> **What is expected**: This task is to restate all of the entries exactly.

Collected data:
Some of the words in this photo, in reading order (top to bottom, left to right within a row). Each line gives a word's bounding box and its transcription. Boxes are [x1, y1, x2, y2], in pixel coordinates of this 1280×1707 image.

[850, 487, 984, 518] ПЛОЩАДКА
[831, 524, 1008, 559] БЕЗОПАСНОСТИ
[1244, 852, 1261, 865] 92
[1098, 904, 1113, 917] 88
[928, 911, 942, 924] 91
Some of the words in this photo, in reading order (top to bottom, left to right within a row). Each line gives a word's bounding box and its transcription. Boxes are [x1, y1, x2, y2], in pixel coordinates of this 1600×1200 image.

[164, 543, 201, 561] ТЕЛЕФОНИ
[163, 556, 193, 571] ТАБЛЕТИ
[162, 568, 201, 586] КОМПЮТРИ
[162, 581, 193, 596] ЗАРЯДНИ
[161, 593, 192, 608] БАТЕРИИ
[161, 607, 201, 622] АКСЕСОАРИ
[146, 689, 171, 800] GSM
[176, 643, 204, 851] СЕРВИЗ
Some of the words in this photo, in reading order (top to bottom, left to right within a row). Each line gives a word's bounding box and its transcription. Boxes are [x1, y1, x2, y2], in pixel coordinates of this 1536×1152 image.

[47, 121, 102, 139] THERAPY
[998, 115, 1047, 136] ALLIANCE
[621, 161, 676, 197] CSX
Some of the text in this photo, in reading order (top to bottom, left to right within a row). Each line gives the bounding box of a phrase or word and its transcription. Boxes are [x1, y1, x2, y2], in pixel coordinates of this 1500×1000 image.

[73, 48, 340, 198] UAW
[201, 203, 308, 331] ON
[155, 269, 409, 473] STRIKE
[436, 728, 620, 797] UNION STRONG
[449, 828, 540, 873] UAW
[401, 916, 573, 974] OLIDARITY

> **Solution to this exercise**:
Some of the words in this photo, in reading order (top to bottom, left to right within a row). Each line gives a word's bounding box and its transcription. Boxes are [x1, y1, x2, y2], in pixel coordinates of this 1280×1707 image.

[850, 487, 984, 518] ПЛОЩАДКА
[831, 524, 1008, 559] БЕЗОПАСНОСТИ
[1244, 852, 1261, 865] 92
[1098, 904, 1113, 917] 88
[928, 911, 942, 924] 91
Some of the words in this photo, in reading order (top to bottom, left to right within a row). Each line gives a word's bounding box and its transcription. Boxes are [x1, y1, x2, y2], in pixel coordinates of this 1600×1200 image.

[164, 543, 201, 561] ТЕЛЕФОНИ
[163, 556, 193, 571] ТАБЛЕТИ
[162, 568, 201, 586] КОМПЮТРИ
[162, 581, 193, 596] ЗАРЯДНИ
[161, 593, 192, 608] БАТЕРИИ
[161, 607, 201, 622] АКСЕСОАРИ
[146, 689, 171, 800] GSM
[176, 643, 204, 851] СЕРВИЗ
Some of the words in this photo, in reading order (top to bottom, left to right within a row). Each line gives a word's bounding box and its transcription. Boxes are [x1, y1, x2, y2], in pixel coordinates of this 1536×1152 image.

[47, 121, 102, 139] THERAPY
[998, 115, 1047, 136] ALLIANCE
[621, 161, 676, 197] CSX
Some of the text in this photo, in reading order (top to bottom, left to right within a row). Each line gives the bounding box of a phrase or word and its transcription. Boxes are [x1, y1, x2, y2], in pixel coordinates of this 1500×1000 image.

[73, 48, 340, 198] UAW
[201, 203, 308, 331] ON
[155, 269, 409, 473] STRIKE
[436, 728, 620, 797] UNION STRONG
[449, 828, 540, 873] UAW
[401, 916, 573, 974] OLIDARITY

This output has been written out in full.